**Your instructions**
Output the entries word for word. Omit images.

**Data provided**
=== Begin Enclosure ===
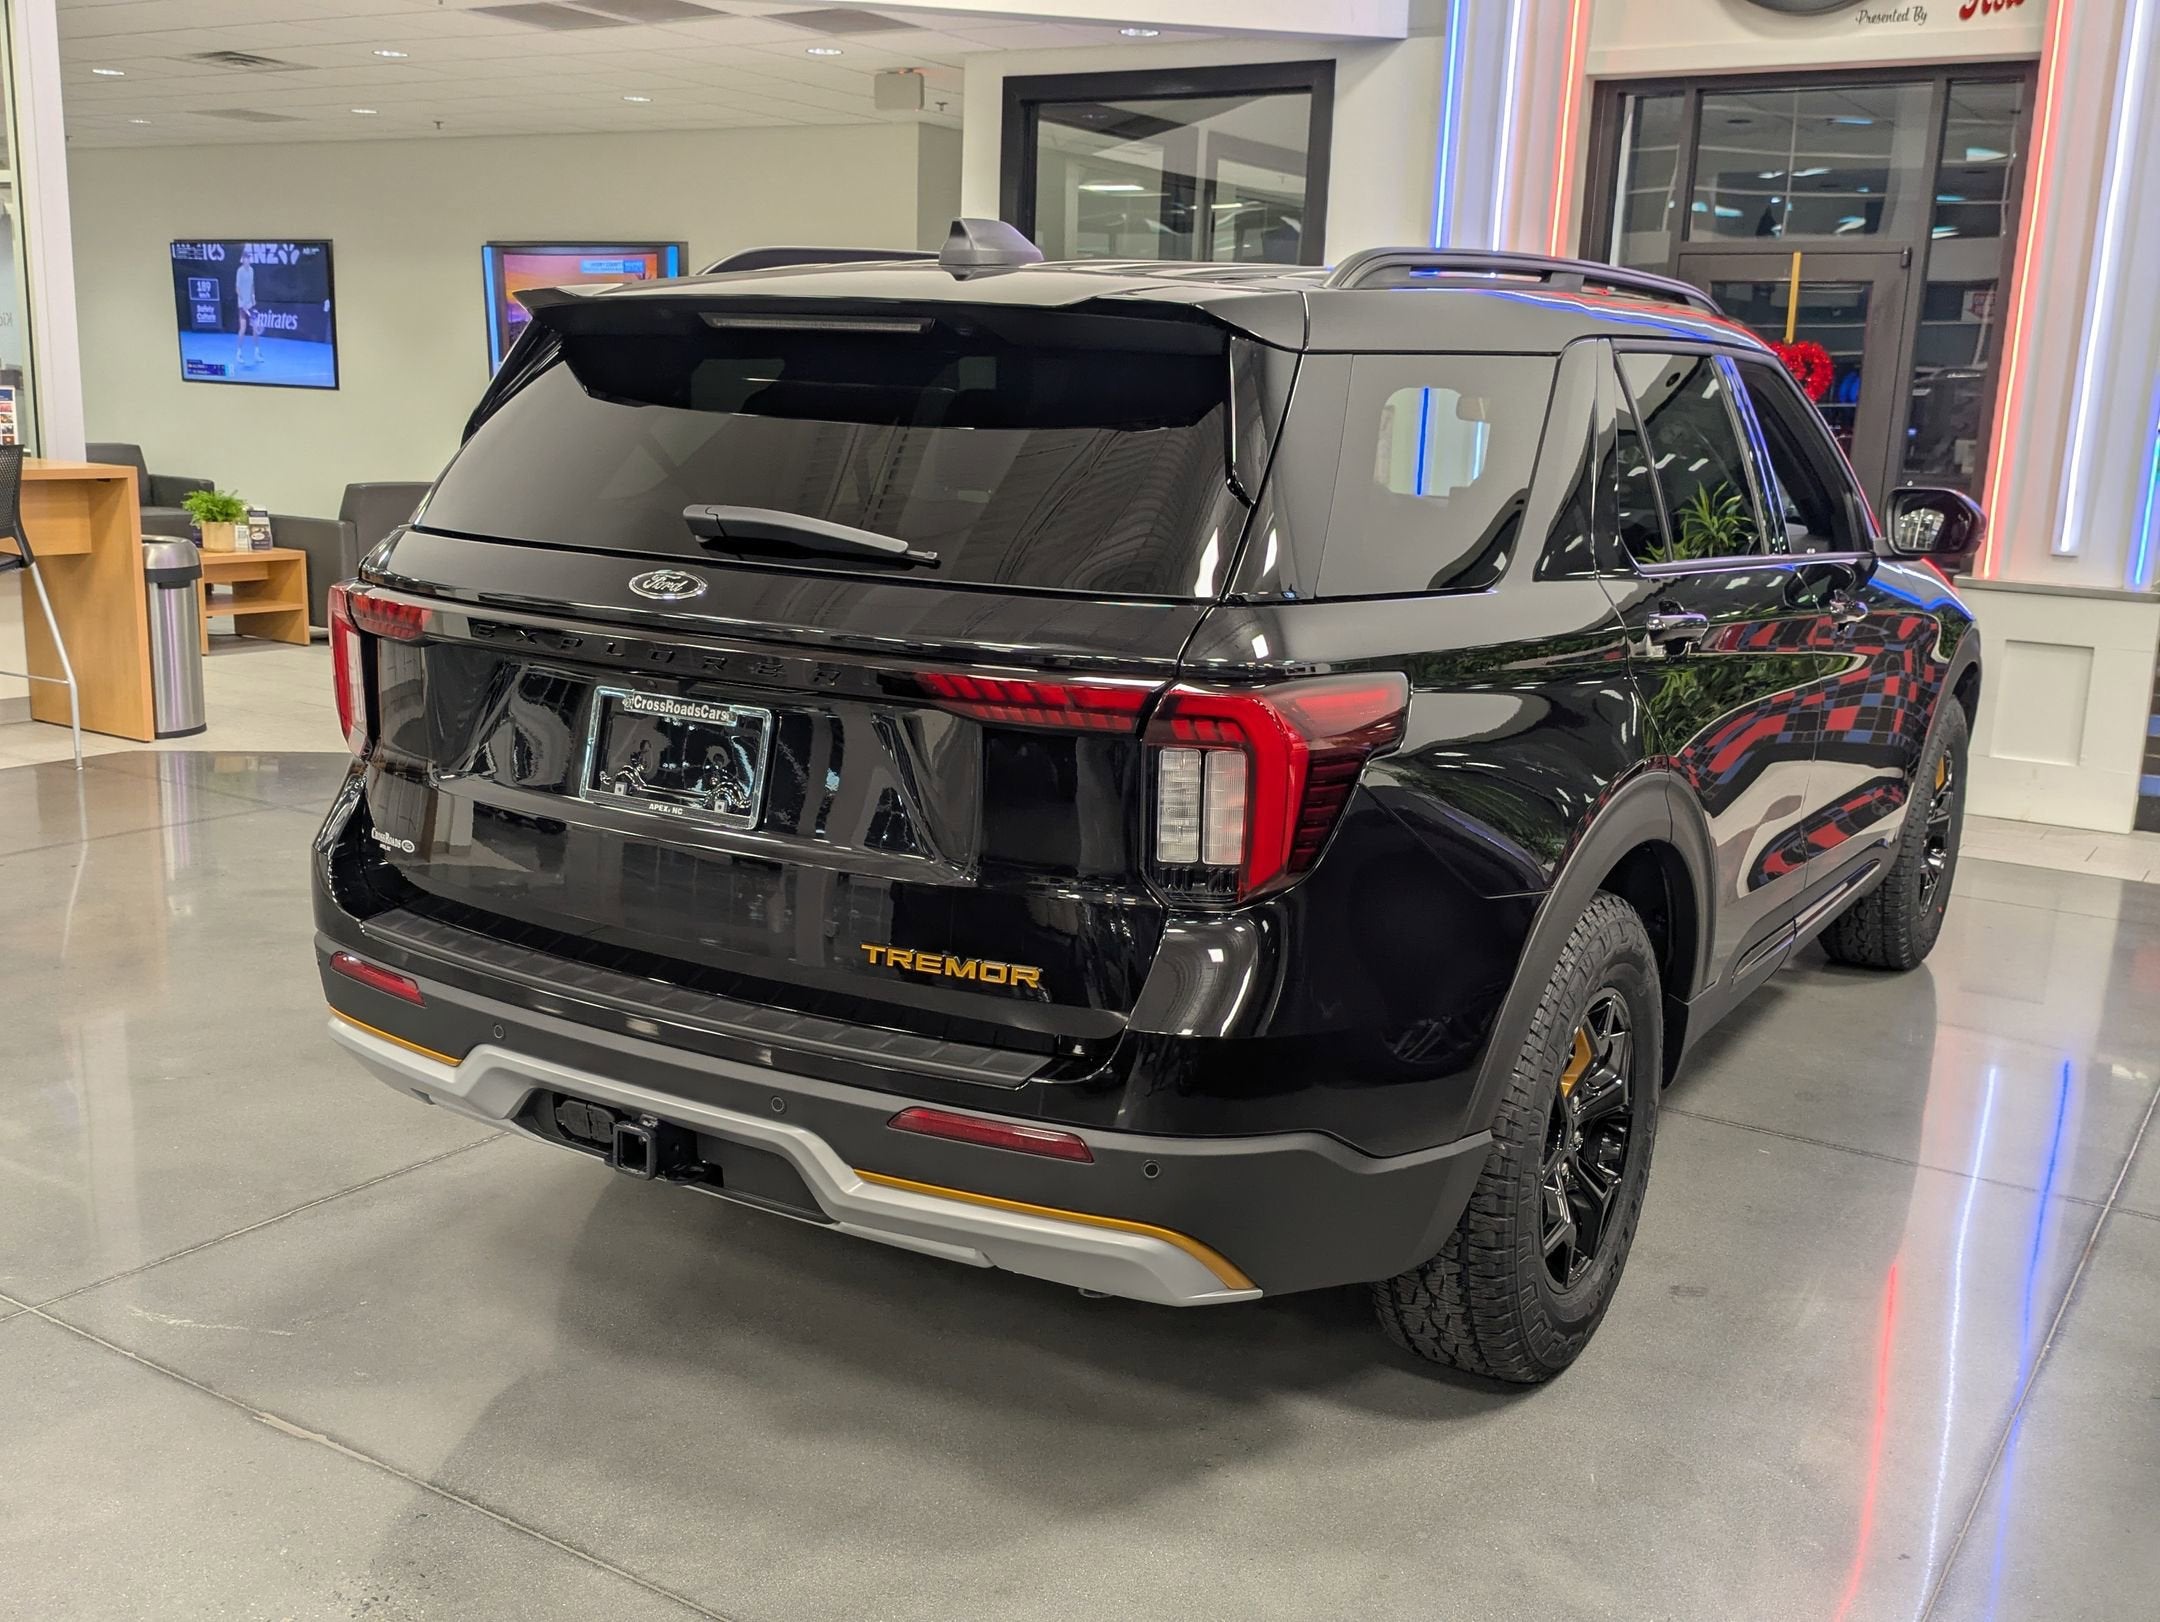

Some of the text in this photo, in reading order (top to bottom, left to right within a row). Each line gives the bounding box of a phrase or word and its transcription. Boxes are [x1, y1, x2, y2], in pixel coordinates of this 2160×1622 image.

[1858, 6, 1928, 26] Presented By
[642, 574, 689, 592] Ford
[471, 623, 842, 687] EXPLORER
[671, 806, 684, 815] NC
[861, 942, 1041, 989] TREMOR
=== End Enclosure ===
**Reply**
Some of the text in this photo, in reading order (top to bottom, left to right within a row). Each line gives the bounding box of a phrase or word and its transcription. Boxes are [x1, y1, x2, y2], in pixel coordinates of this 2160×1622 image.

[1858, 6, 1928, 26] Presented By
[642, 574, 689, 592] Ford
[471, 623, 842, 687] EXPLORER
[671, 806, 684, 815] NC
[861, 942, 1041, 989] TREMOR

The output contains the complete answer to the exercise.